Vérification de données avec PHP :
// Définir le filtre $filters = array( "username" => array( "filter"=>FILTER_CALLBACK, "options"=>"ucwords" ), "password" => FILTER_SANITIZE_STRING ); // Utiliser le filtre $input = filter_input_array(INPUT_POST, $filters);
Dans cet exemple, nous avons appliqué le filtre ucwords
sur le username
pour normaliser l’entrée, et FILTER_SANITIZE_STRING
sur le password
pour supprimer les balises HTML.
Ajout de Nonce dans les formulaires pour améliorer la sécurité
Un nonce est un nombre généré de manière aléatoire, qui ne peut être utilisé qu’une seule fois. WordPress propose une fonction pour générer ces nonce, qui peut être utilisée pour améliorer la sécurité des formulaires et des URL.
Lorsque vous créez un formulaire dans WordPress, vous pouvez inclure un champ nonce caché qui sera envoyé avec les autres données du formulaire. Cela vous permet de vérifier le nonce lorsque vous traitez les données du formulaire, pour vous assurer qu’elles proviennent d’une source fiable.

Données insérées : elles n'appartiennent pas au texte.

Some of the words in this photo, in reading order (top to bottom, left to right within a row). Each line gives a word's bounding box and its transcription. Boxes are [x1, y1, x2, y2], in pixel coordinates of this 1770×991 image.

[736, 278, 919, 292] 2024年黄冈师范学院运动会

Voici comment vous pouvez utiliser le nonce dans WordPress :
// Création d'un nonce $nonce = wp_create_nonce( 'my_form' ); // Utilisation du nonce dans un formulaire echo '<input name="my_nonce" type="hidden" value="' . $nonce . '" />'; // Vérification du nonce if ( isset( $_POST['my_nonce'] ) && wp_verify_nonce( $_POST['my_nonce'], 'my_form' ) ) { // Traitez les données du formulaire en toute sécurité }
Nettoyage des Entrées Utilisateur
Toute donnée provenant d’un utilisateur doit être considérée comme potentiellement dangereuse. C’est là qu’intervient l’échappement des données.
L’échappement des données consiste à nettoyer les données entrantes pour empêcher l’exécution de code malveillant. WordPress fournit des fonctions pour échapper les données, comme esc_html()
, esc_url()
, et esc_js()
.
Voici un exemple d’utilisation de esc_html()

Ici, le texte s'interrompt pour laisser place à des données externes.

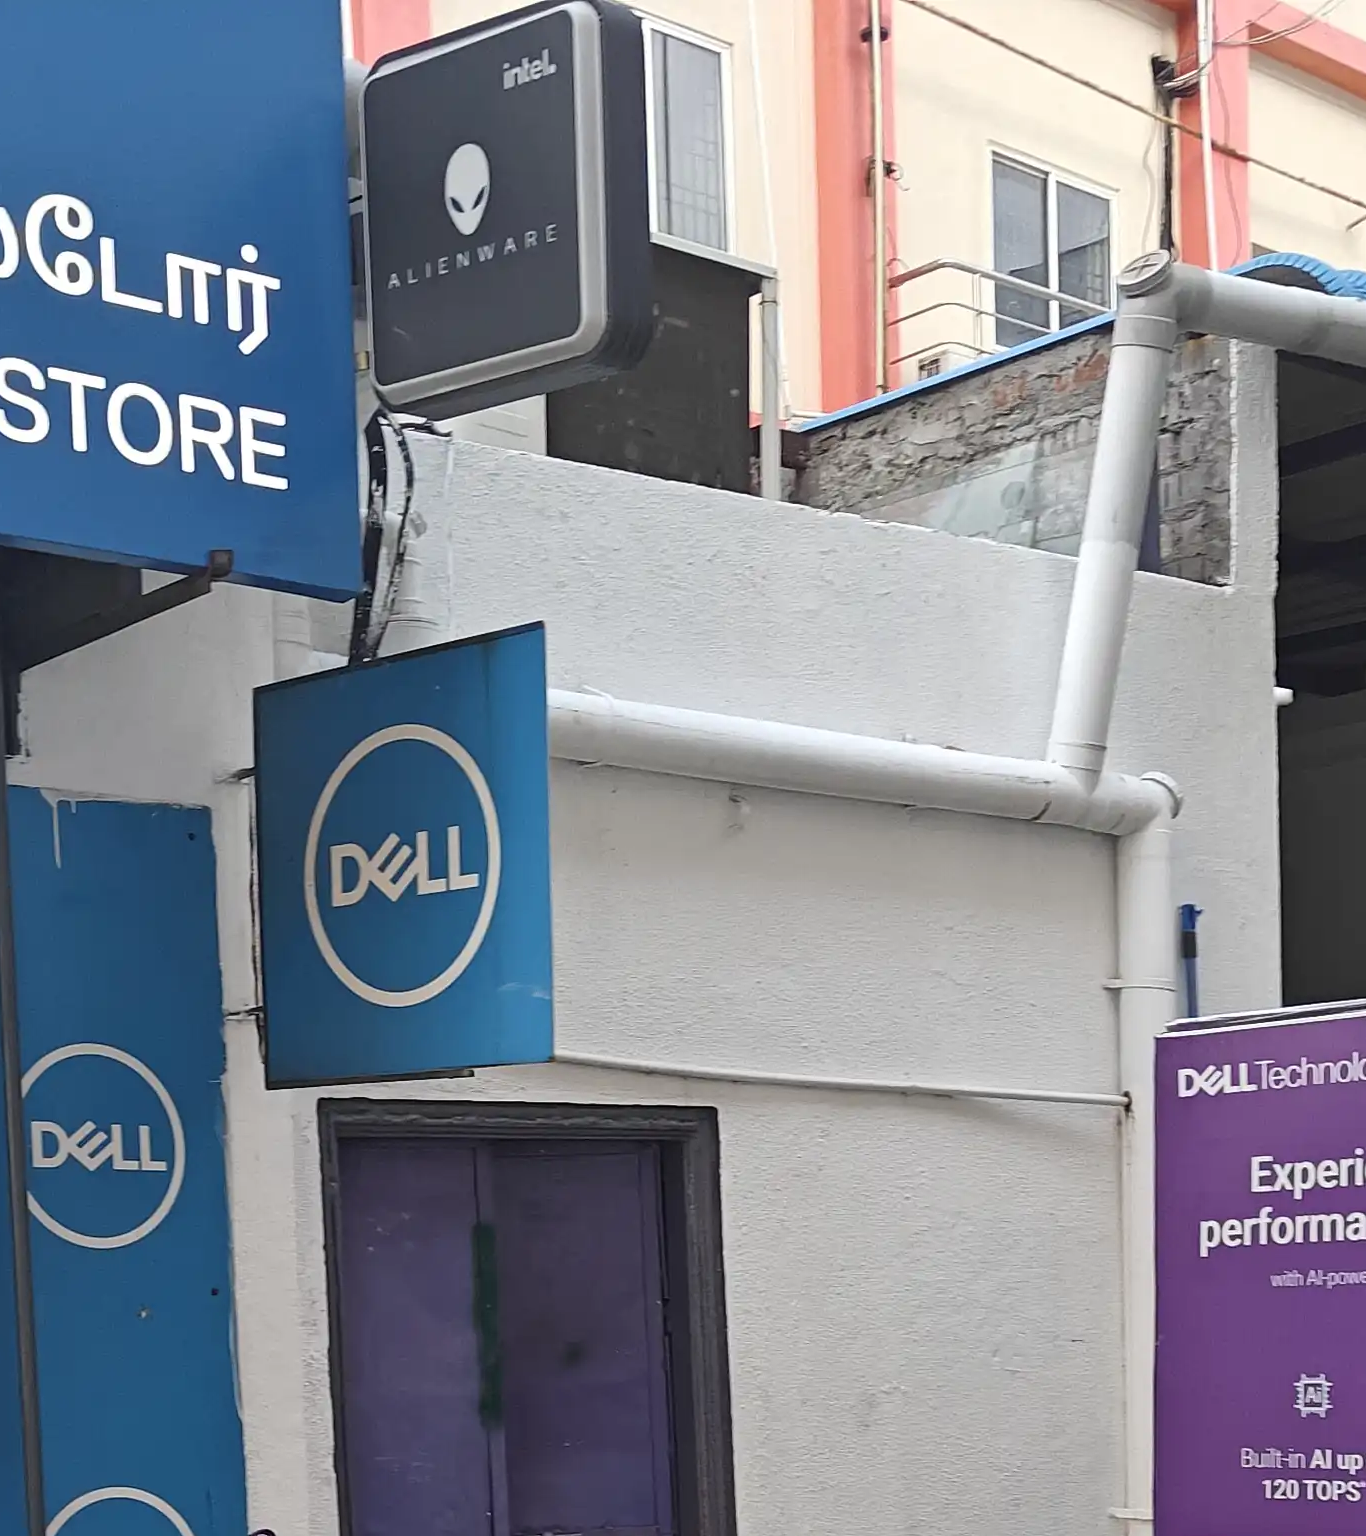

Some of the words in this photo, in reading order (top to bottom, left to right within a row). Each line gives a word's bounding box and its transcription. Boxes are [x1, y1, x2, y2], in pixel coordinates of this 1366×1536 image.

[388, 224, 559, 290] ALIENWARE
[329, 825, 479, 907] DELL
[31, 1120, 167, 1170] DELL
[1270, 1270, 1304, 1288] with
[1240, 1448, 1306, 1469] Built-in
[1309, 1449, 1333, 1470] AI
[1337, 1453, 1364, 1475] up
[1262, 1479, 1300, 1500] 120
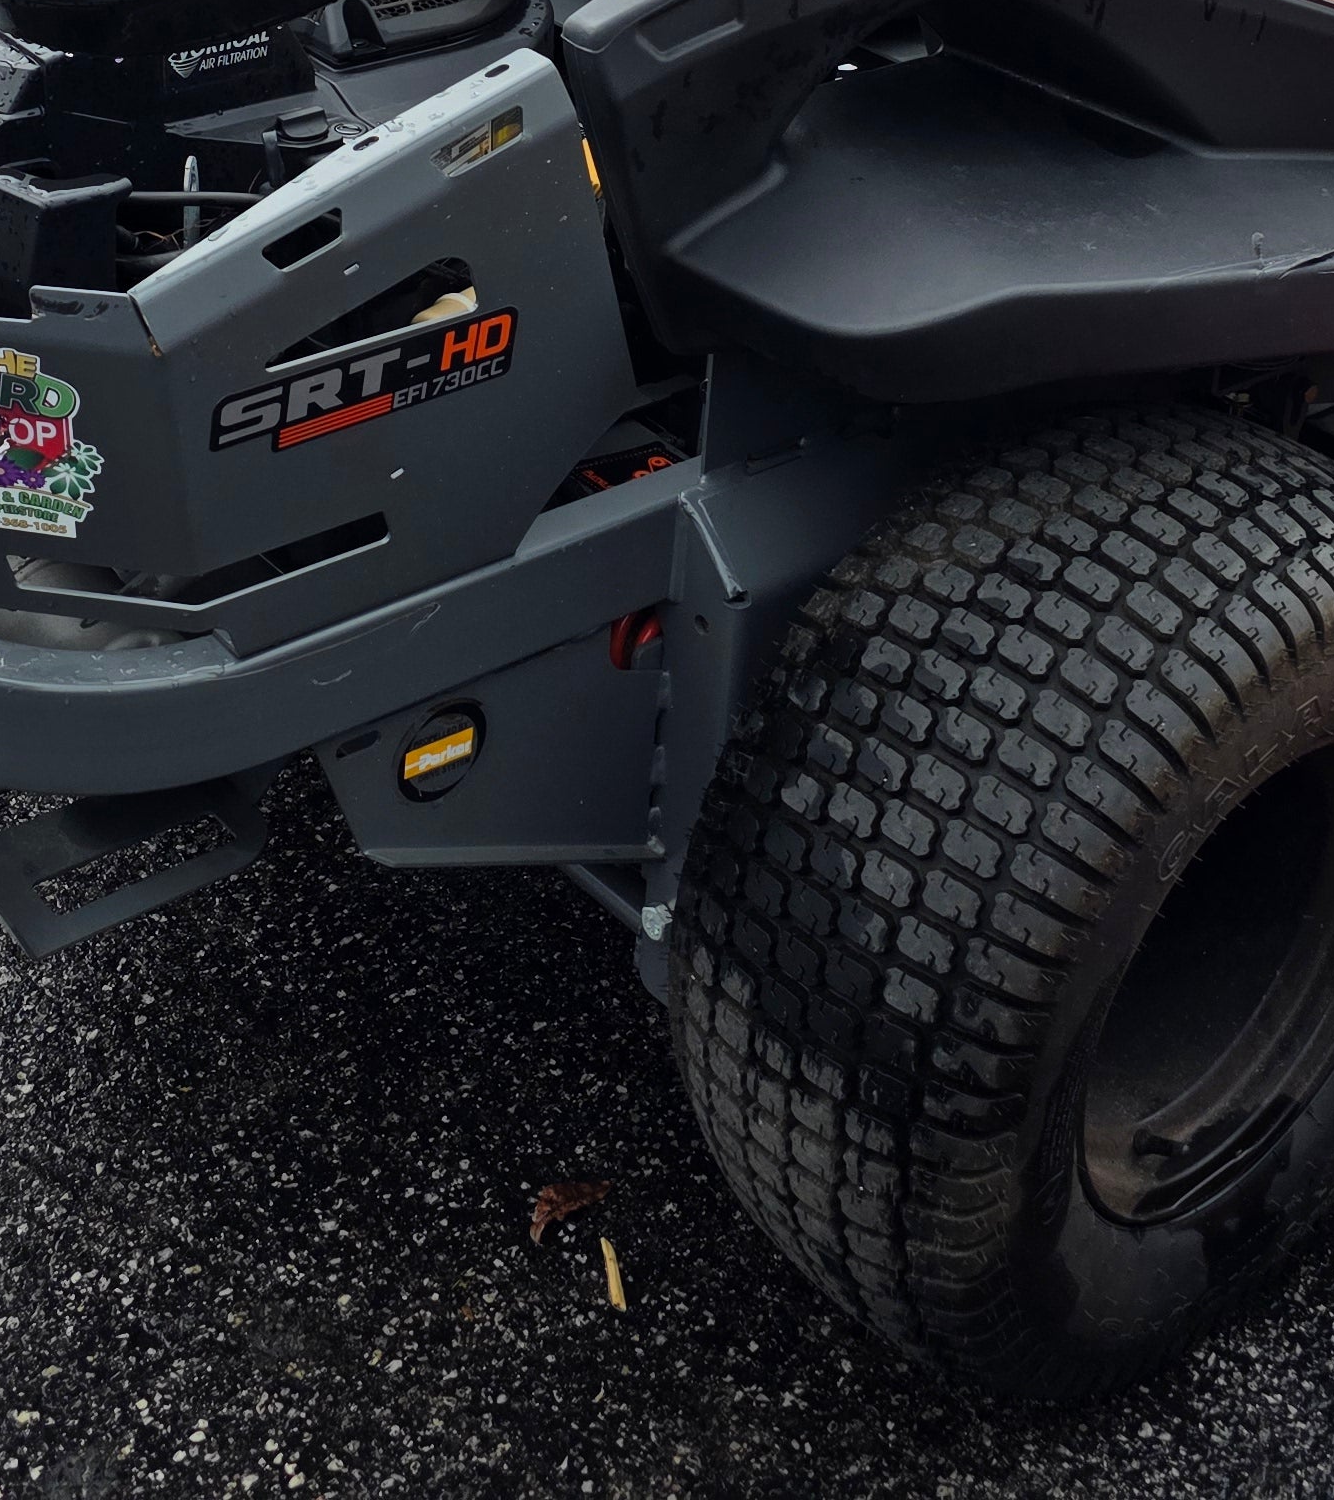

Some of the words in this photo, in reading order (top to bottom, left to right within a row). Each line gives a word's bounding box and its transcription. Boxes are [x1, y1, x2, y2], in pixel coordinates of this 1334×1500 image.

[199, 57, 216, 72] AIR
[217, 45, 269, 67] FILTRATION
[218, 314, 512, 445] SRT-HD
[393, 380, 427, 409] EFI
[432, 355, 505, 397] 730CC
[1, 490, 15, 503] &
[18, 490, 86, 520] GARDEN
[418, 740, 472, 771] Parker

pour échapper une chaîne de caractères avant de l’afficher :
$unsafe_url = 'javascript:alert("dangerous_code_here");'; // Une URL potentiellement dangereuse $safe_url = esc_url( $unsafe_url ); echo '<a href="' . $safe_url . '">Link</a>'; // Produit : <a>Link</a>
La Vérification des Autorisations
N’oubliez pas que tous les utilisateurs ne sont pas égaux. Certains ont plus de privilèges que d’autres. Avant de permettre à un utilisateur d’exécuter une action, assurez-vous qu’il a le droit de le faire.

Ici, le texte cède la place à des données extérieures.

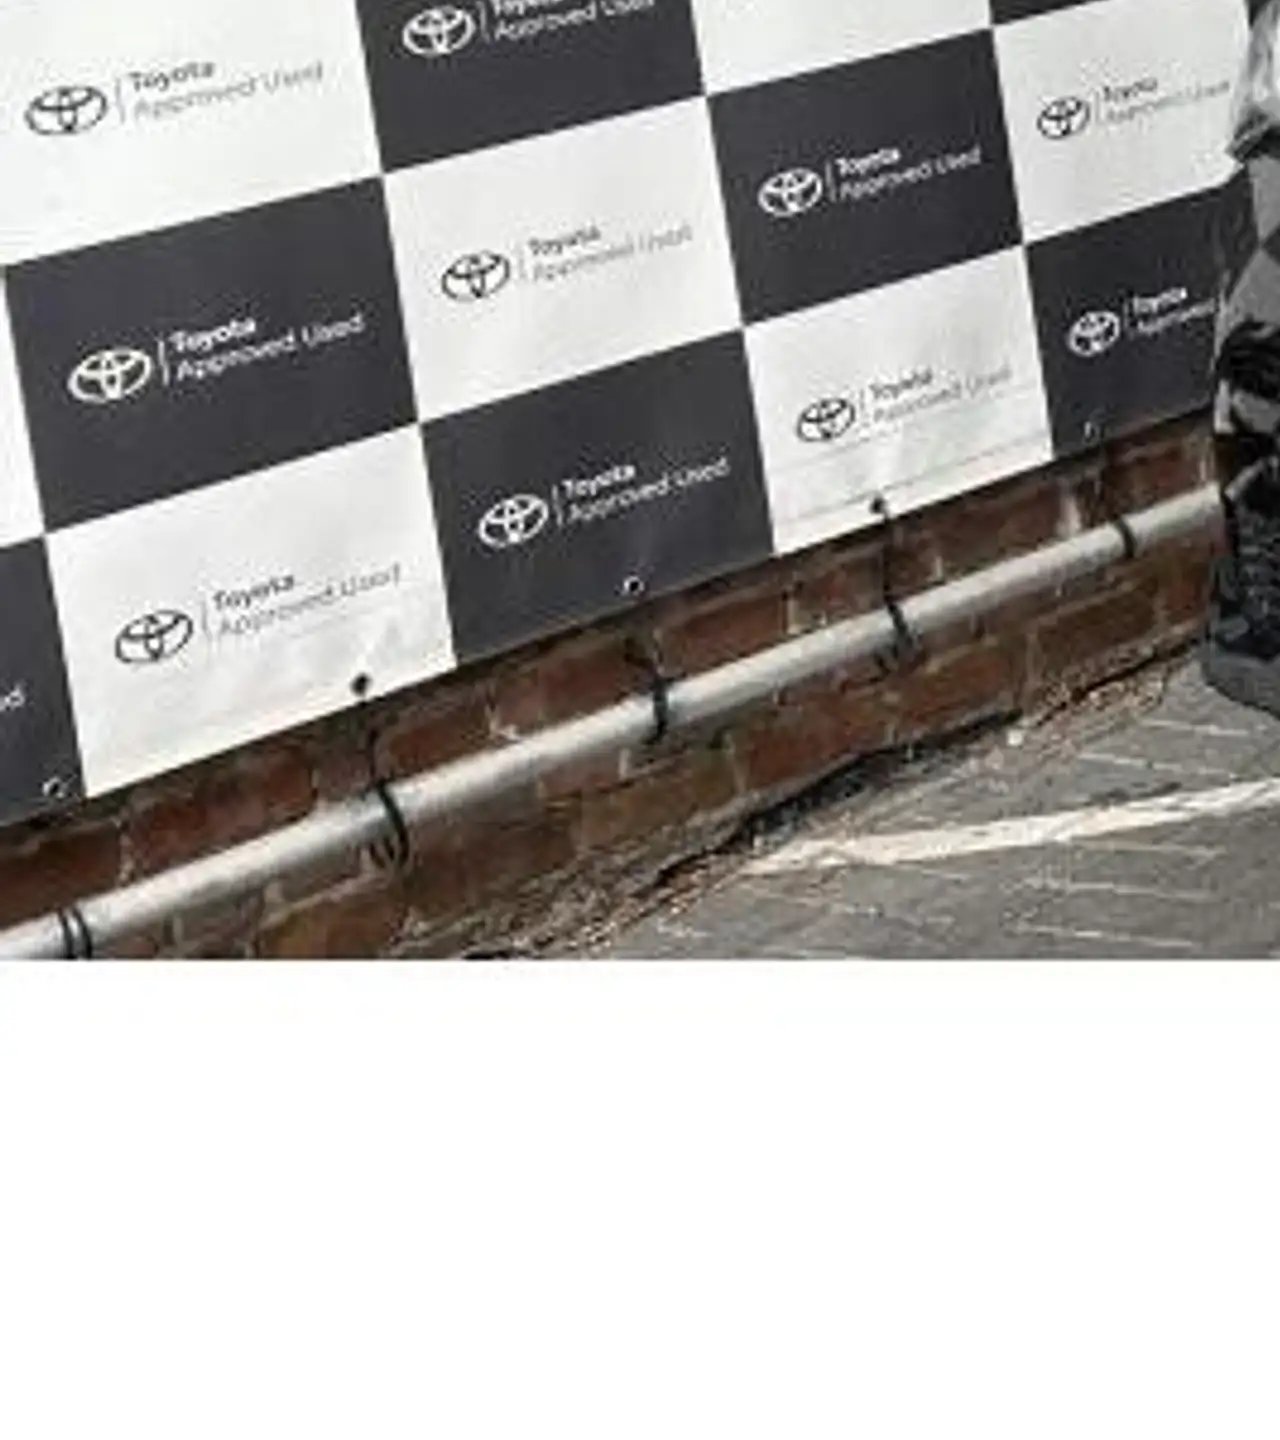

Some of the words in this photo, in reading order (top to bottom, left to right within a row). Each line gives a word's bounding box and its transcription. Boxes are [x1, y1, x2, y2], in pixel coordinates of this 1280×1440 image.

[128, 61, 215, 93] Toyota
[169, 317, 257, 353] Toyota
[176, 328, 297, 382] Approved
[302, 313, 366, 349] Used
[561, 465, 637, 500] Toyota

WordPress facilite la vérification des autorisations avec la fonction current_user_can()
. Par exemple, pour vous assurer que l’utilisateur actuel peut publier un article, vous pourriez faire ceci :
if ( current_user_can( 'publish_posts' ) ) { // L'utilisateur peut publier des articles, continuez } else { // L'utilisateur ne peut pas publier des articles, arrêtez }
Ces trois astuces supplémentaires, associées à celles mentionnées précédemment, vous permettront de sécuriser efficacement vos requêtes SQL dans WordPress avec PHP.
Limiter les Requêtes SQL Directes
Quand c’est possible, évitez d’écrire des requêtes SQL directes et utilisez à la place les fonctions d’abstraction de base de données de WordPress. Ces fonctions ont été écrites et testées par les développeurs de WordPress, et elles incluent des mesures de sécurité pour prévenir l’injection SQL.
Par exemple, plutôt que d’écrire une requête SQL pour récupérer un article par son ID, vous pouvez utiliser la fonction get_post()
:
$post = get_post( $post_id );
C’est plus sûr et plus facile à lire que la requête SQL équivalente. En utilisant les fonctions d’abstraction de base de données de WordPress, vous pouvez écrire un code plus sûr et plus propre.